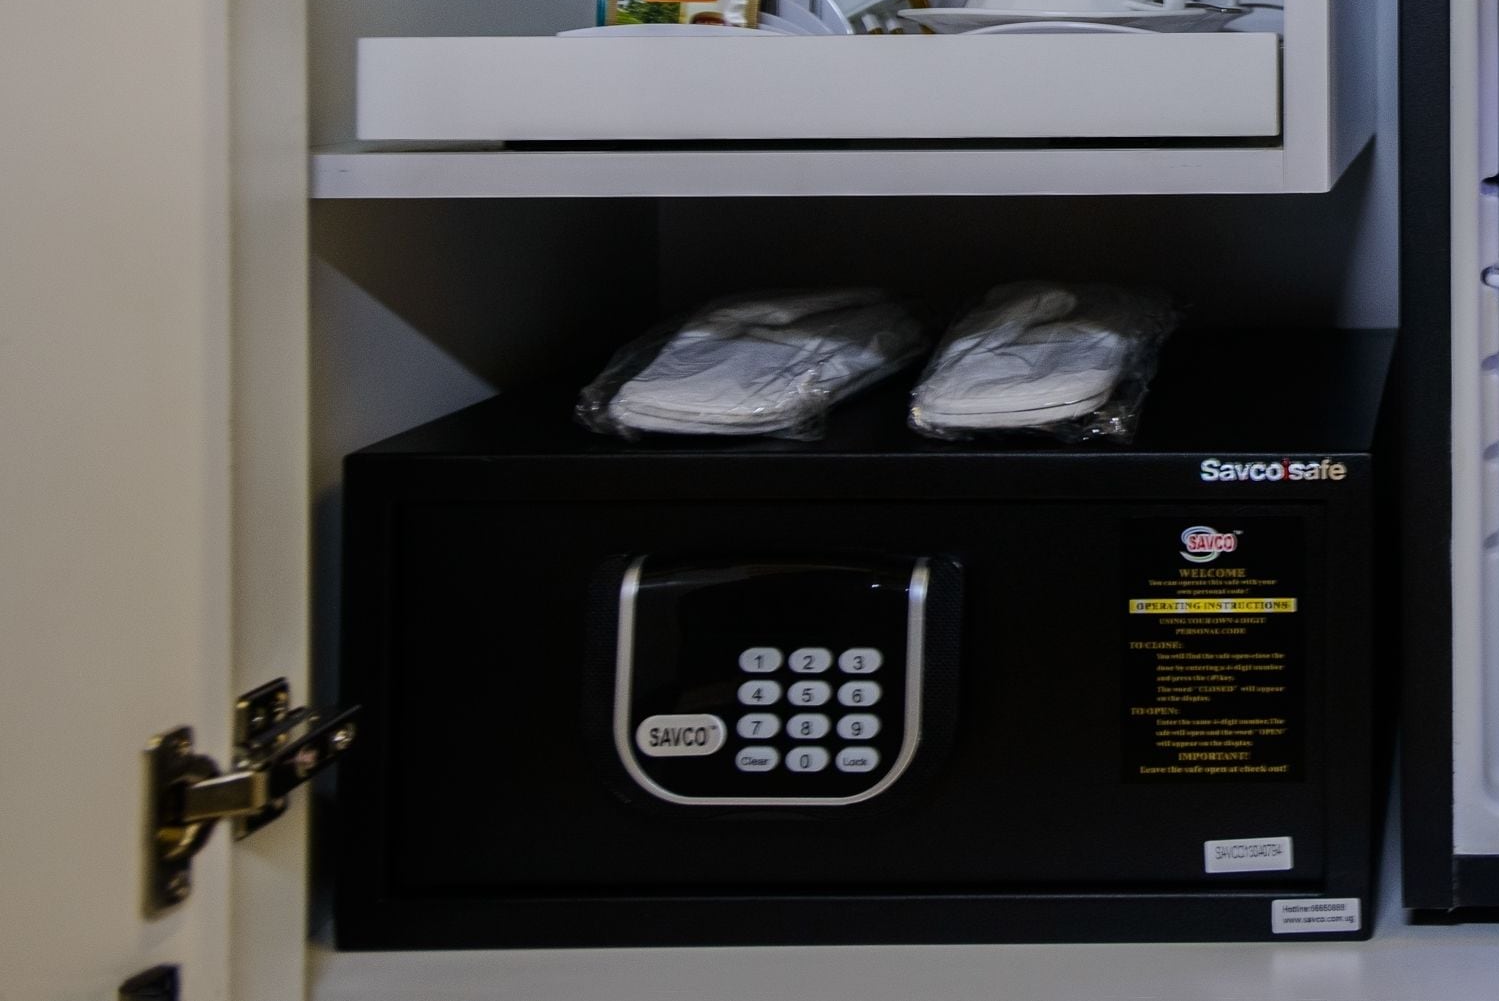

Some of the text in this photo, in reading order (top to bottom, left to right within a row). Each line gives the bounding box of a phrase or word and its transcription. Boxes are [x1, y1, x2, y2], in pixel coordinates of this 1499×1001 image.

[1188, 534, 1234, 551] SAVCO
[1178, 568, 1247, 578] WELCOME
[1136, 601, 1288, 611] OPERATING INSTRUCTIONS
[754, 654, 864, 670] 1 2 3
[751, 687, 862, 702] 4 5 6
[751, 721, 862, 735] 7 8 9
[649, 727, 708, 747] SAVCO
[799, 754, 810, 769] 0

...

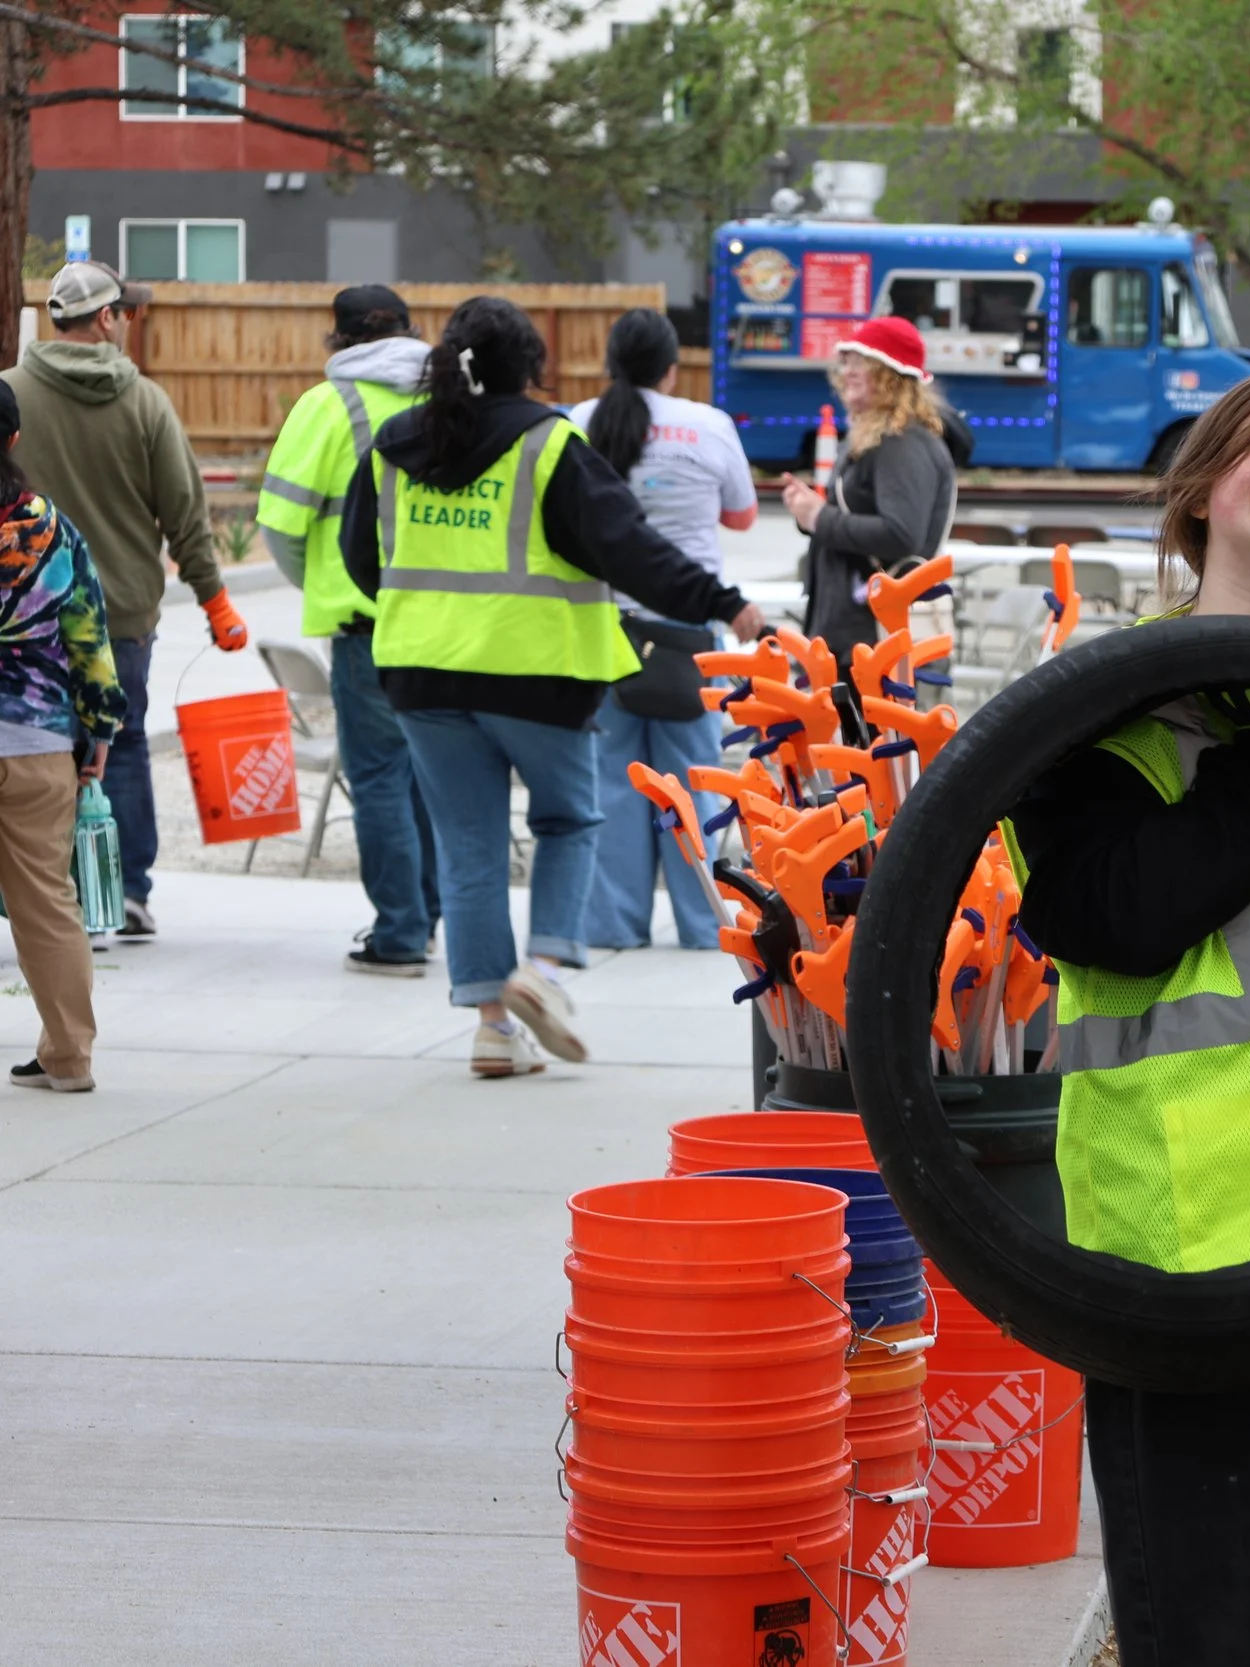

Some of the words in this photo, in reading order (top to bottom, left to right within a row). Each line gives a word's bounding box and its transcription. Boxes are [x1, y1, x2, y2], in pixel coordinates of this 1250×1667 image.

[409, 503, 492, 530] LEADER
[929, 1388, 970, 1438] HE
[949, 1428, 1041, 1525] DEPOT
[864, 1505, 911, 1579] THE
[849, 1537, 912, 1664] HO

--

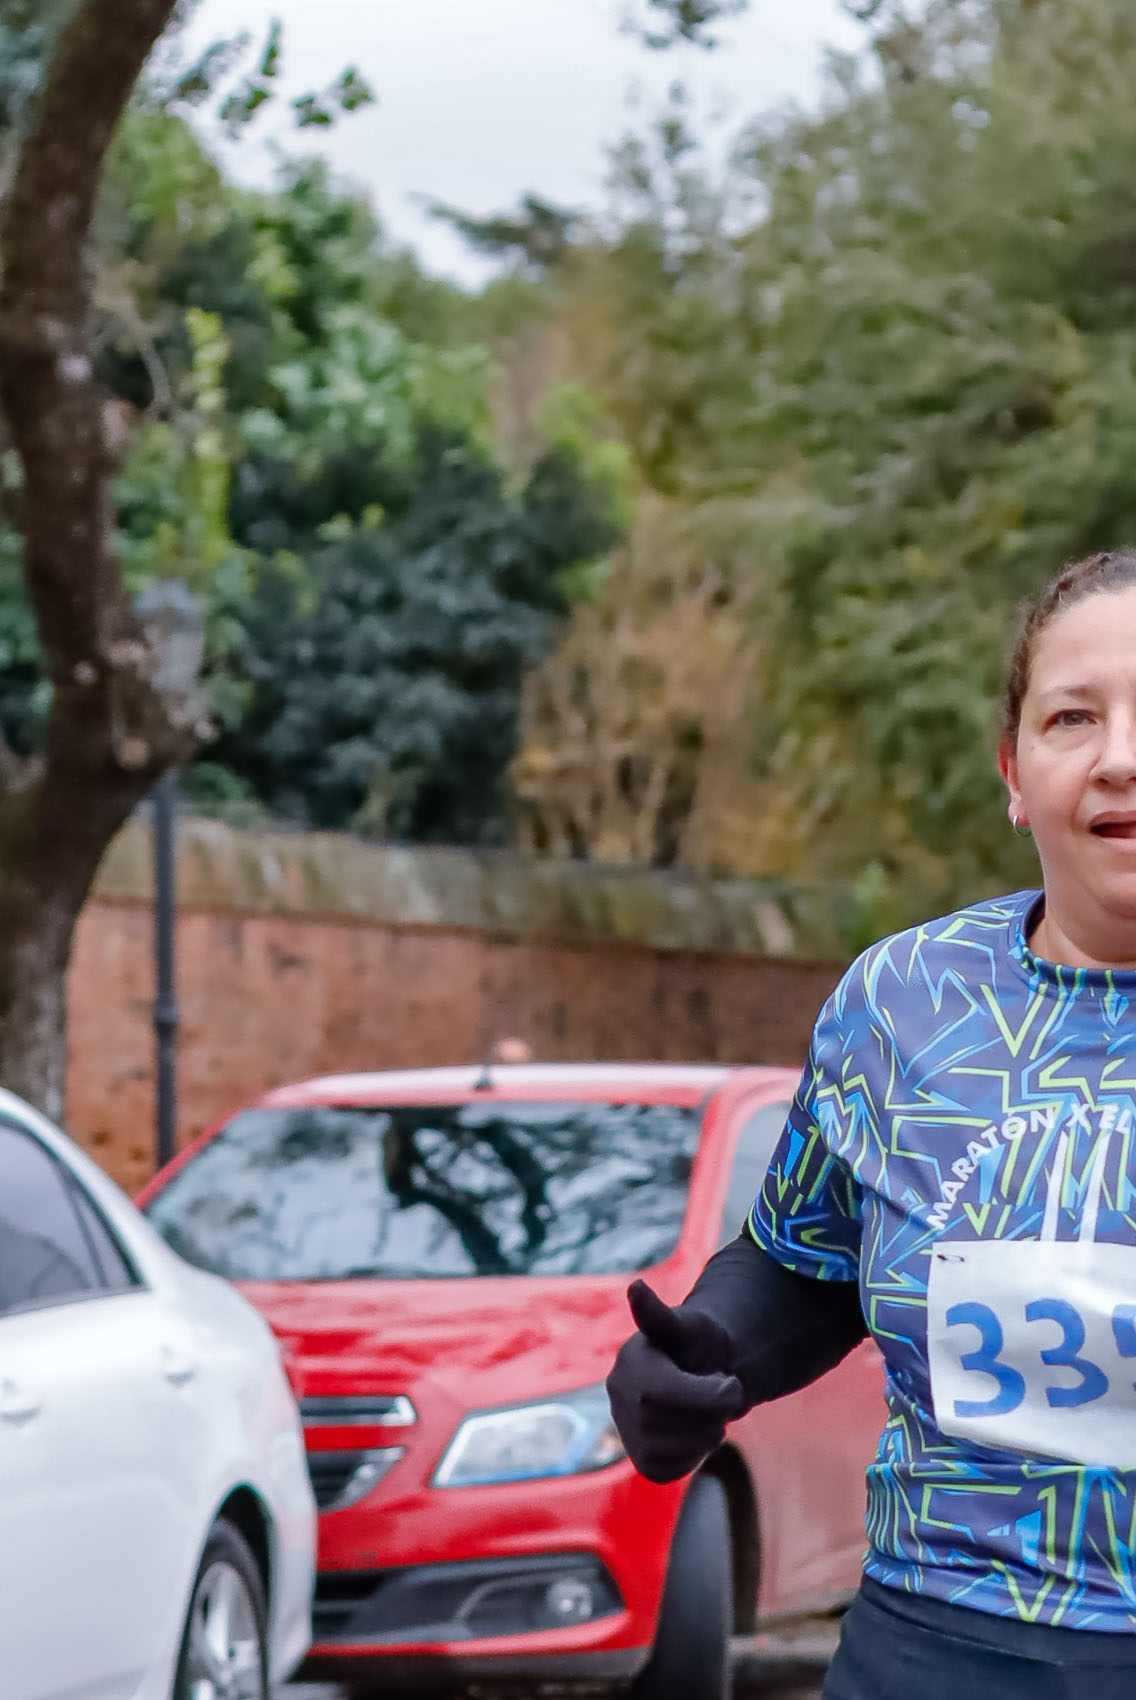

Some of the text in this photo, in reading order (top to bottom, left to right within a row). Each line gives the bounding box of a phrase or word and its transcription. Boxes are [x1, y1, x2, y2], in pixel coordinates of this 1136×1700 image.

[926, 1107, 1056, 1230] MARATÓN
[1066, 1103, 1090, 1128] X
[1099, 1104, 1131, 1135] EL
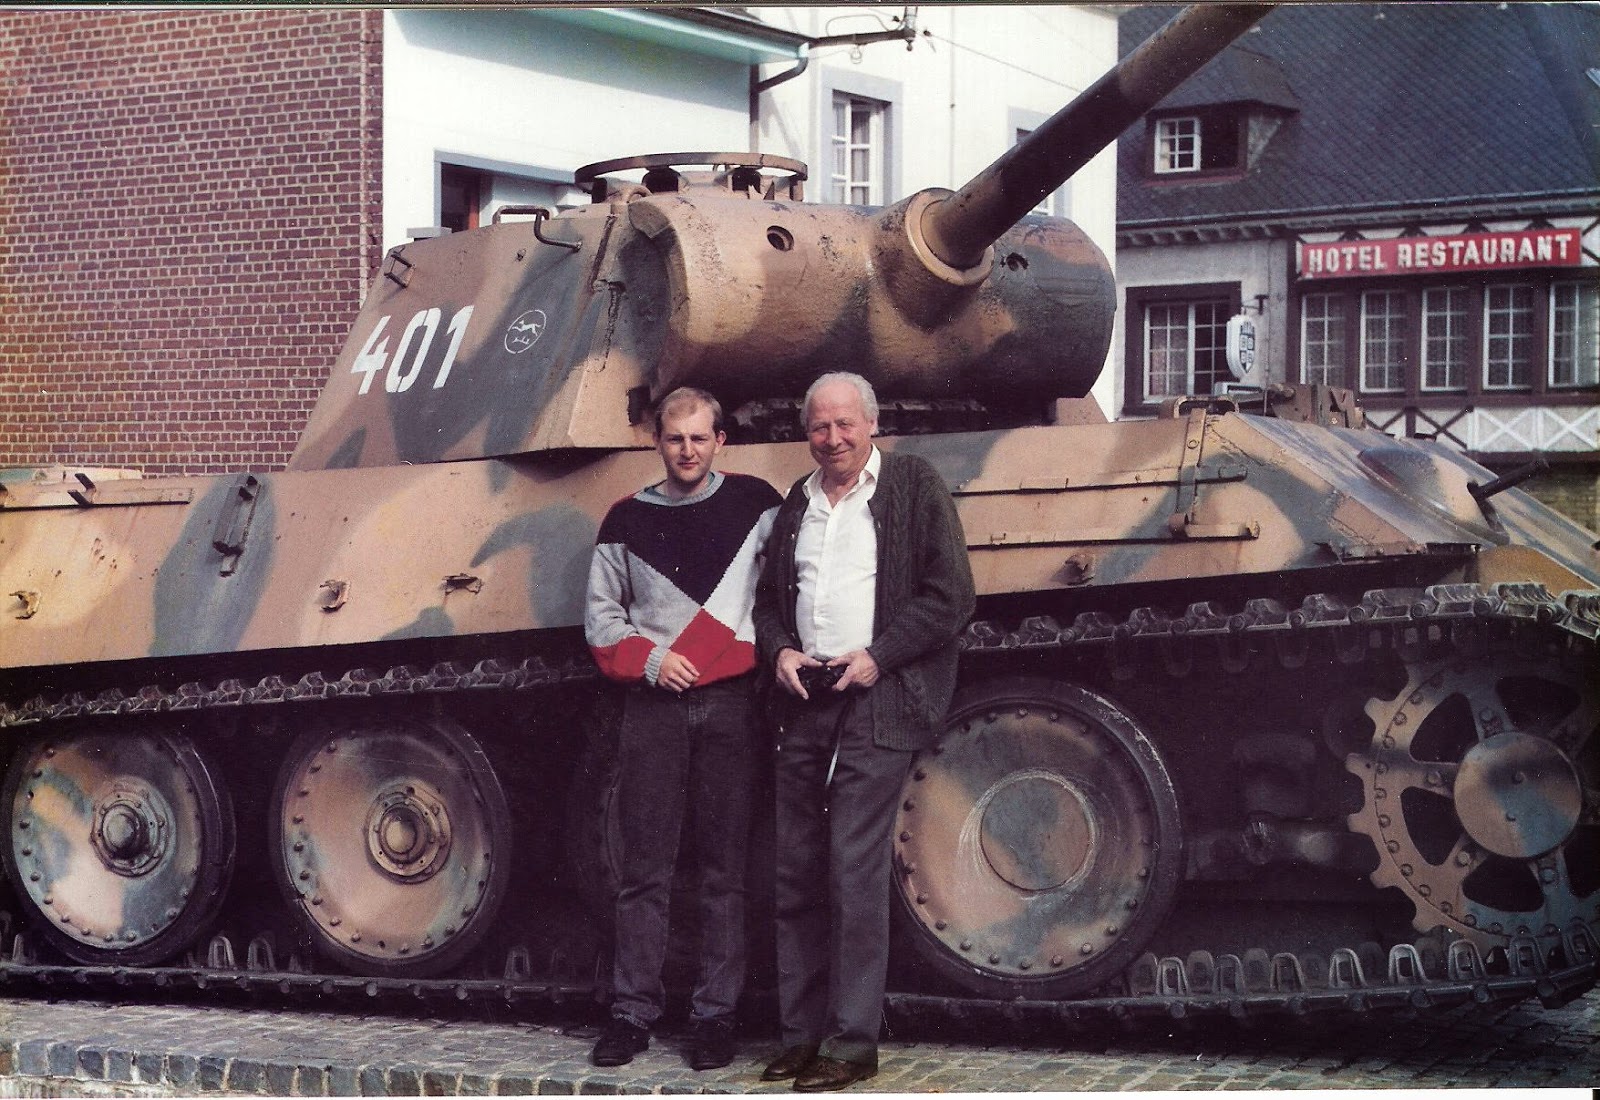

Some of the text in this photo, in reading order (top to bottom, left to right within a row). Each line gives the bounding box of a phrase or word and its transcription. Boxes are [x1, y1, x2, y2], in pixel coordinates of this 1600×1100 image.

◆ **What you will do**
Having found the line with "this 1136×1700 image." and the line with "this 1600×1100 image." in the material above, write out exactly those two and every line between, leaving the pictures out.

◆ **Your solution**
Some of the text in this photo, in reading order (top to bottom, left to right within a row). Each line gives the bounding box of a phrase or word and its transcription. Boxes are [x1, y1, x2, y2], in pixel coordinates of this 1136×1700 image.

[926, 1107, 1056, 1230] MARATÓN
[1066, 1103, 1090, 1128] X
[1099, 1104, 1131, 1135] EL

Some of the text in this photo, in reading order (top to bottom, left to right within a row). Each line gives the bounding box of a phrase or word and its transcription. Boxes are [x1, y1, x2, y2], in pixel coordinates of this 1600×1100 image.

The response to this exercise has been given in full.